# Pandas Intro

## DataFrames

Pandas is a module for working with tables. The most important data structure in Pandas is the DataFrame, which you can think of as being similar to an Excel table, or an SQL table. Let's import the Pandas module and create a dataframe:

In [None]:
import pandas as pd

df = pd.DataFrame({'col_1': [6,7,11], 'col_2': ['a', 'b', 'c']})
print(df)

We've created a dataframe called ``df``. It contains two variables (columns) and three observations (rows). In this case, we created the DataFrame using a dictionary, where the keys in the dictionary become the column names in the DataFrame, and the values in the dictionary become the data within each column.

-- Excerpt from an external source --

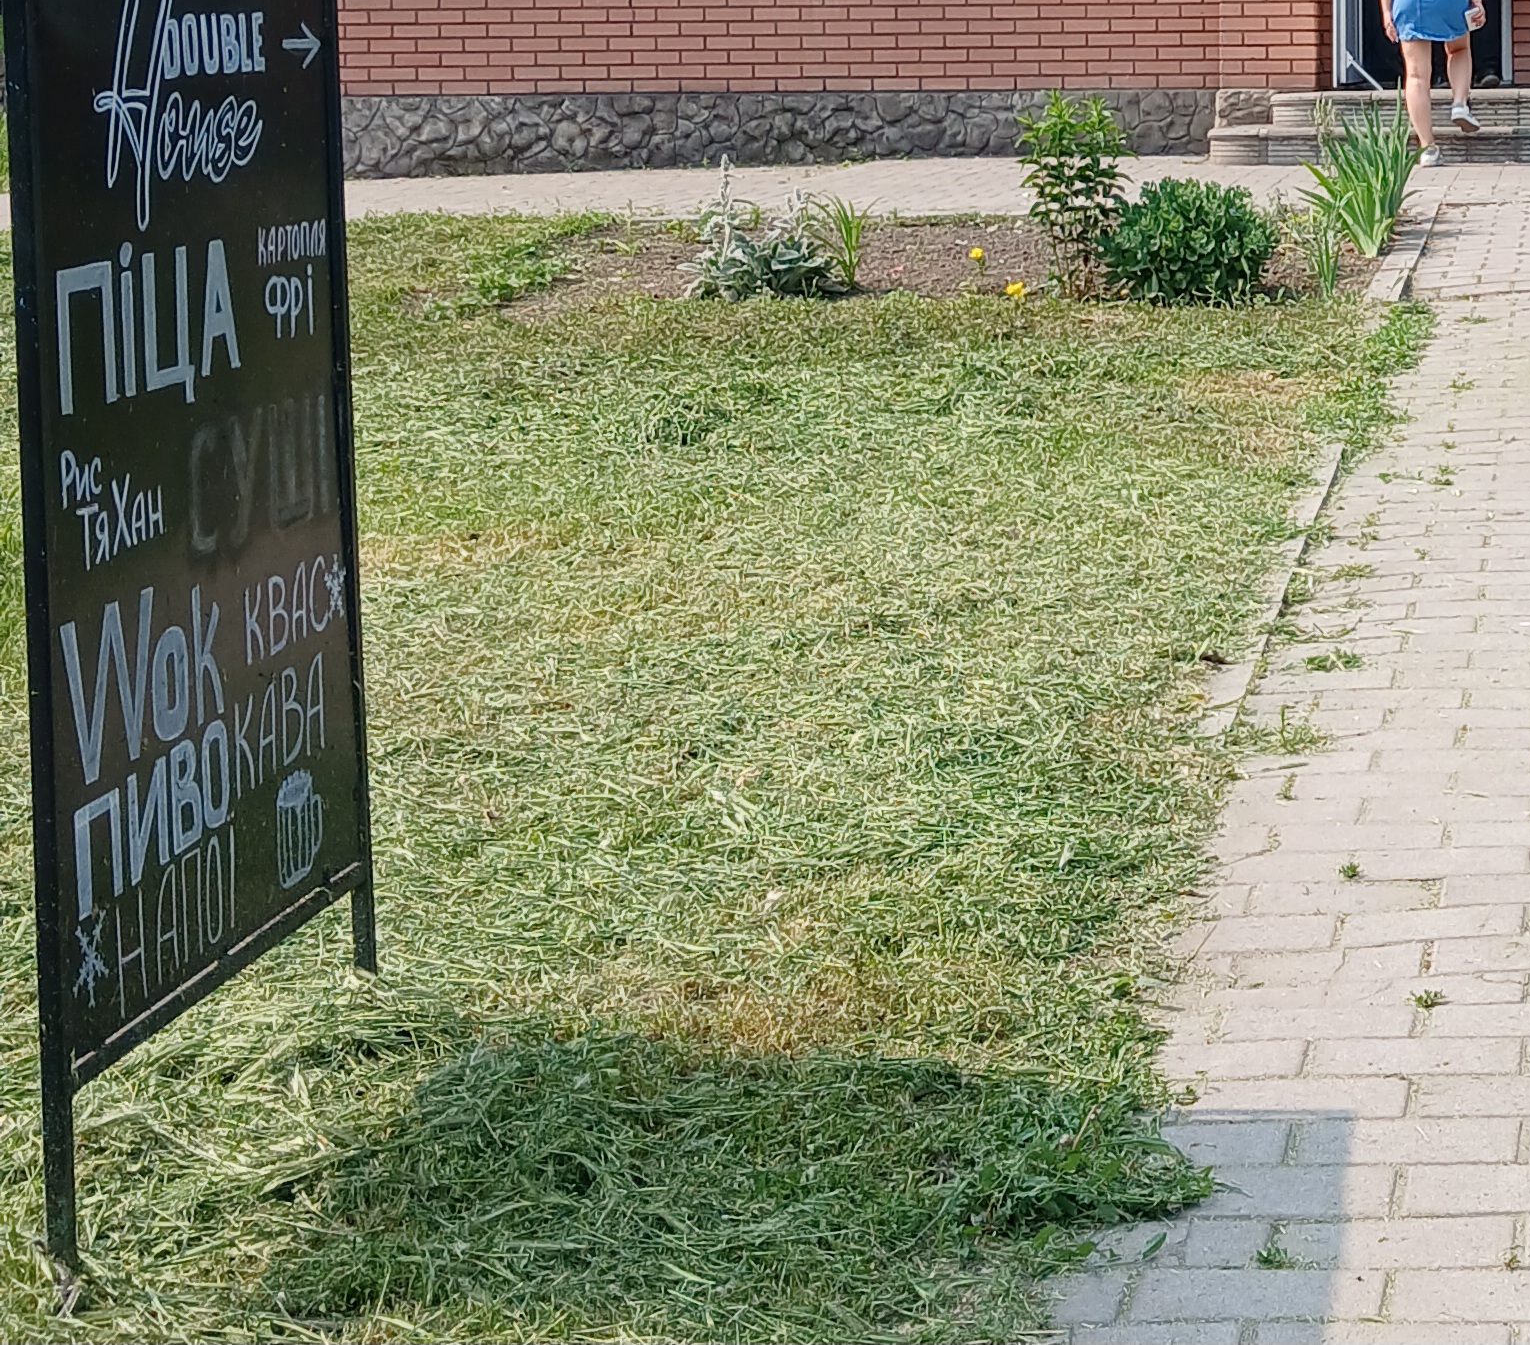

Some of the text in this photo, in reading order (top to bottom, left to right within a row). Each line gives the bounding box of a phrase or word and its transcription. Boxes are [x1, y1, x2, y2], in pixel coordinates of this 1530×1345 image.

Note that DataFrames always have an index column, shown in the above output as the leftmost column (in this case the index contains the values 0, 1, and 2). If you do not specify an index when you create a DataFrame, Pandas will create an auto-incrementing index for you.

Now let's create a DataFrame that looks a little more like real data:

In [None]:
import numpy as np

data = {
    'name': ['Jeff', 'Julia', 'Ronda', 'Dinesh', 'Susan'],
    'height': [183, 176, 187, 157],
    'weight': [69, 73, np.nan, 77, 82],
    'gender': ['m', 'f', 'f', 'm', 'f']
}

df = pd.DataFrame(data)
print(df)

Here we have five observations across four variables. Note that one of the weight observations is a missing value, which in Pandas is conventionally represented by the NaN value ("Not a Number").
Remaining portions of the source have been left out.